The big track on the record? That would be When You’re Depressed. The lyrics feature the lines, “Never cry, never laugh / Don’t clean your teeth, don’t have a bath / This constant strain, this constant stress / When you’re depressed… you’re depressed.”
“It’s special,” says Lawrence. “One of those career-defining songs. The music’s cheerful but the lyrics will relate to anyone who’s come across depression, or if they want to know about it. It came out one night when I was staying in [fellow ’80s UK indie baronet, latterly of Ellis Island Sound] Pete Astor’s loft, before I went into a hostel – a pretty bleak time.”
The idea of the Mini-Mart, he continues, is “like if you went into a shop, and the songs were cheap, bright products, total bargains, and you can have more than you usually would. On the sleeve, there are key lines that illuminate the meaning of the album, like posters around the shop; one is ‘Thick Ignorant Peasant Bastards Make Me Fucken Puke’, which sums up, for me, the way I feel about people – it’s writ large on a great big billboard in my mind. Others are ‘A Word Is Like A Bullet, It Can Tear Your World Apart‘, and ‘I Am The Sardonic Lucifer With A Fifty Foot Wingspan’, which is my character at the moment.”

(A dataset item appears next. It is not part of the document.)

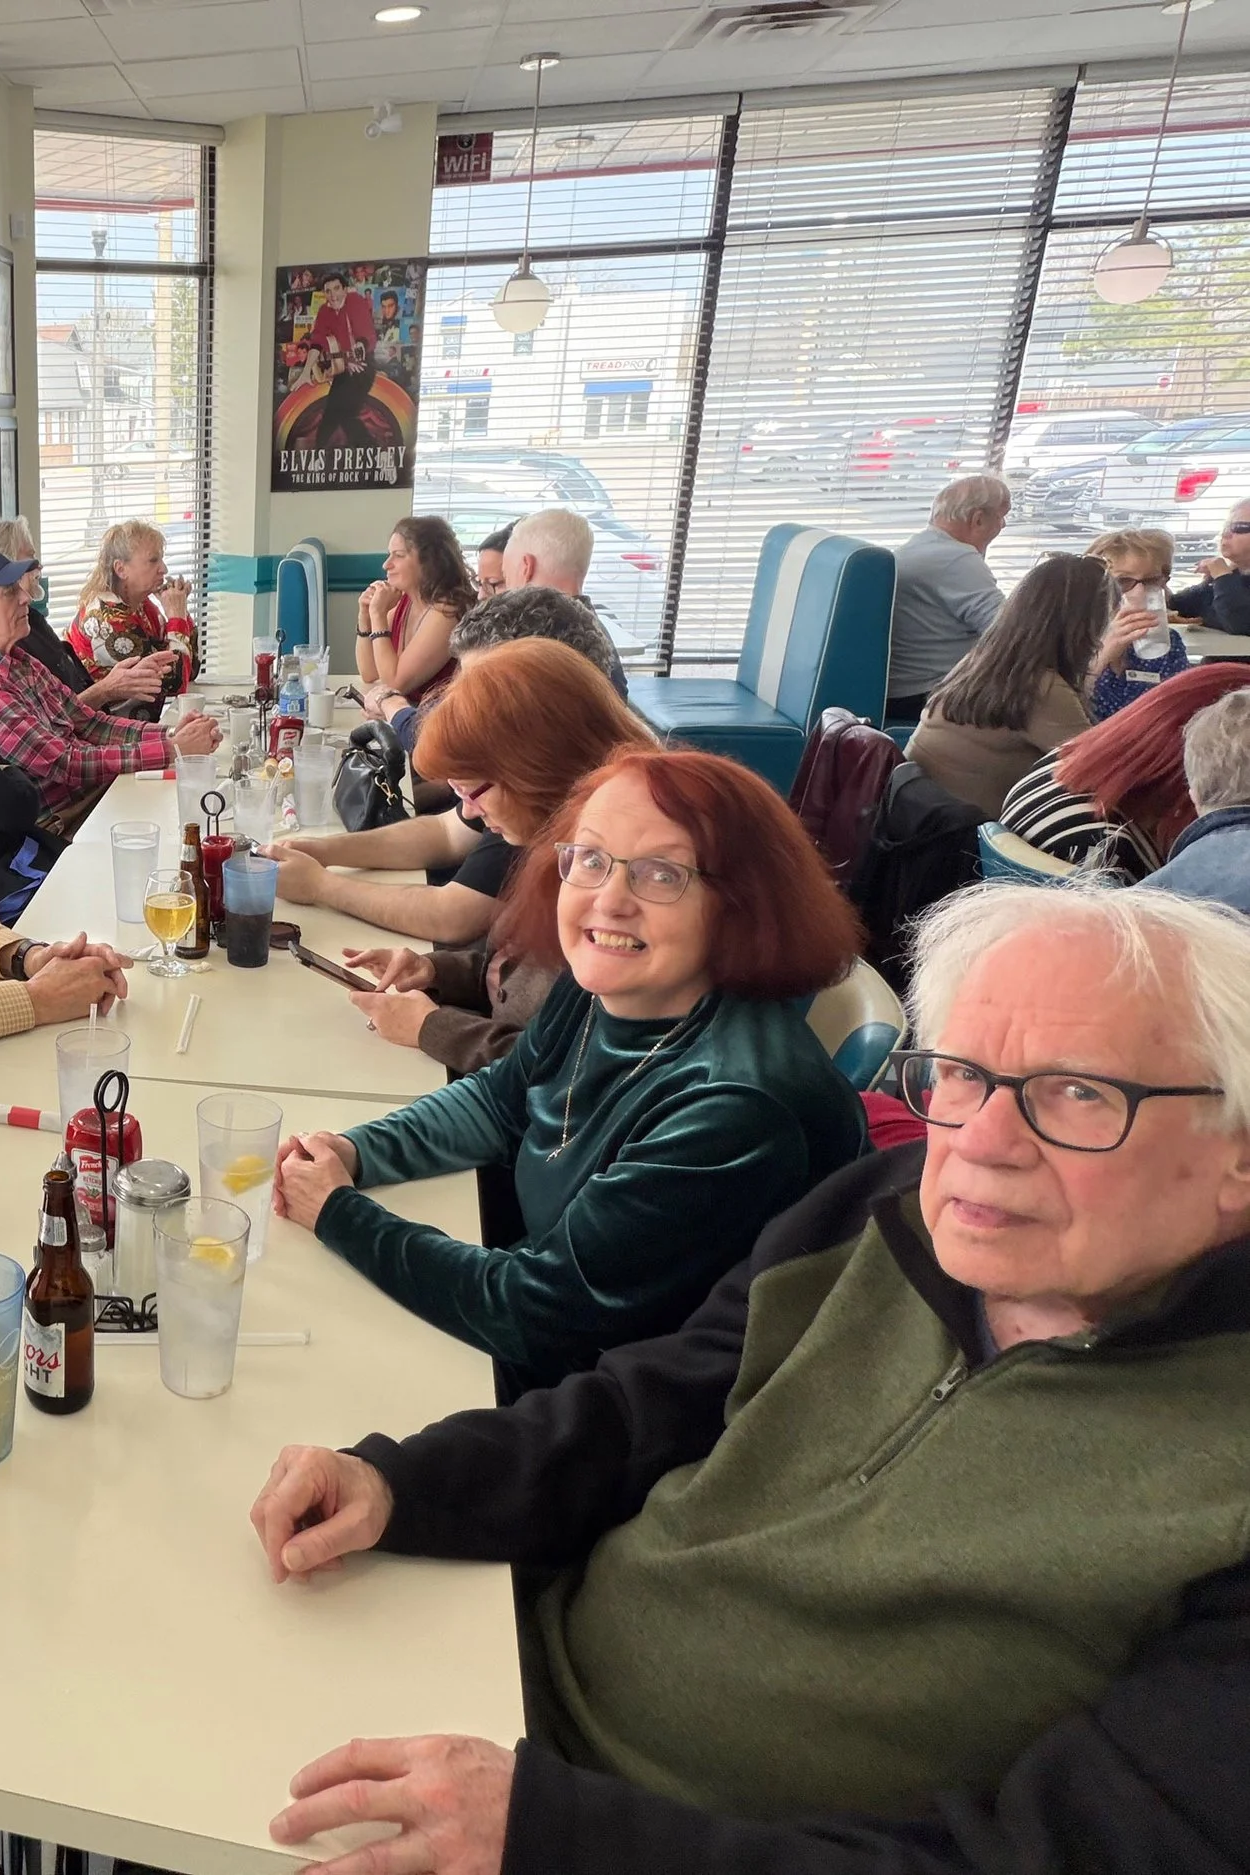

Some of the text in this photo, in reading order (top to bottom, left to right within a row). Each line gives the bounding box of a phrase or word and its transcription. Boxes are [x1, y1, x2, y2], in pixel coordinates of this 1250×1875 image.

The album’s personnel include keysman Terry K-Tel, programmer Top Button, fretless bass maestro Rusty Stone and, from The Glitter Band, drummer P.G. Phipps on Simmons kit. “It’s a lot more electronic than before,” muses Lawrence. “Very modern compared to On The Hot Dog Streets – a new decade, really.” It’s out, possibly, in September/October (Lawrence adds, if anyone has an original November 1975 edition of glamour photo mag
Club International Gallery International with the Malcolm McLaren interview, please get in touch).